### [Work request]
Retype the complete listing without any change.

### [Information given]
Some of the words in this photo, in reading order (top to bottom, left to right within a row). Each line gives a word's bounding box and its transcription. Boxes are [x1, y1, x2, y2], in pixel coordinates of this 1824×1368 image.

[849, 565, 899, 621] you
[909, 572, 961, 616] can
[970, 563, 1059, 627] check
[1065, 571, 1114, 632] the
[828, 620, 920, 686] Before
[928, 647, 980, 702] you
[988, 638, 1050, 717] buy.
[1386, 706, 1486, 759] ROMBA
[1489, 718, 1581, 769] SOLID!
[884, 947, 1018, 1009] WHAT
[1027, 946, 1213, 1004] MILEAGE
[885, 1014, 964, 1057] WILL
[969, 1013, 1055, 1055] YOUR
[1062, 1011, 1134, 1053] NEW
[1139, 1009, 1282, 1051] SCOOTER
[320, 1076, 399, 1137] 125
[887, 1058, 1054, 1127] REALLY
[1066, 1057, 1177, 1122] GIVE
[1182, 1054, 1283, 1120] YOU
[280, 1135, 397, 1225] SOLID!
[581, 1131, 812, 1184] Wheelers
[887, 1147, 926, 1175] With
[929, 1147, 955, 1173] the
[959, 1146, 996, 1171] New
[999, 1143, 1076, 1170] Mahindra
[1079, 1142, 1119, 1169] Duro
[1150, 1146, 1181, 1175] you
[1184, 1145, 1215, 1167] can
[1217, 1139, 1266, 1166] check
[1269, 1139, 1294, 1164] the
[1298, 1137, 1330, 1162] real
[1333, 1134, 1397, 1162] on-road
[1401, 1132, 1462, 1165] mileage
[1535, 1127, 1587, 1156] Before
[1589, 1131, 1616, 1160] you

### [Answer space]
Some of the words in this photo, in reading order (top to bottom, left to right within a row). Each line gives a word's bounding box and its transcription. Boxes are [x1, y1, x2, y2], in pixel coordinates of this 1824×1368 image.

[849, 565, 899, 621] you
[909, 572, 961, 616] can
[970, 563, 1059, 627] check
[1065, 571, 1114, 632] the
[828, 620, 920, 686] Before
[928, 647, 980, 702] you
[988, 638, 1050, 717] buy.
[1386, 706, 1486, 759] ROMBA
[1489, 718, 1581, 769] SOLID!
[884, 947, 1018, 1009] WHAT
[1027, 946, 1213, 1004] MILEAGE
[885, 1014, 964, 1057] WILL
[969, 1013, 1055, 1055] YOUR
[1062, 1011, 1134, 1053] NEW
[1139, 1009, 1282, 1051] SCOOTER
[320, 1076, 399, 1137] 125
[887, 1058, 1054, 1127] REALLY
[1066, 1057, 1177, 1122] GIVE
[1182, 1054, 1283, 1120] YOU
[280, 1135, 397, 1225] SOLID!
[581, 1131, 812, 1184] Wheelers
[887, 1147, 926, 1175] With
[929, 1147, 955, 1173] the
[959, 1146, 996, 1171] New
[999, 1143, 1076, 1170] Mahindra
[1079, 1142, 1119, 1169] Duro
[1150, 1146, 1181, 1175] you
[1184, 1145, 1215, 1167] can
[1217, 1139, 1266, 1166] check
[1269, 1139, 1294, 1164] the
[1298, 1137, 1330, 1162] real
[1333, 1134, 1397, 1162] on-road
[1401, 1132, 1462, 1165] mileage
[1535, 1127, 1587, 1156] Before
[1589, 1131, 1616, 1160] you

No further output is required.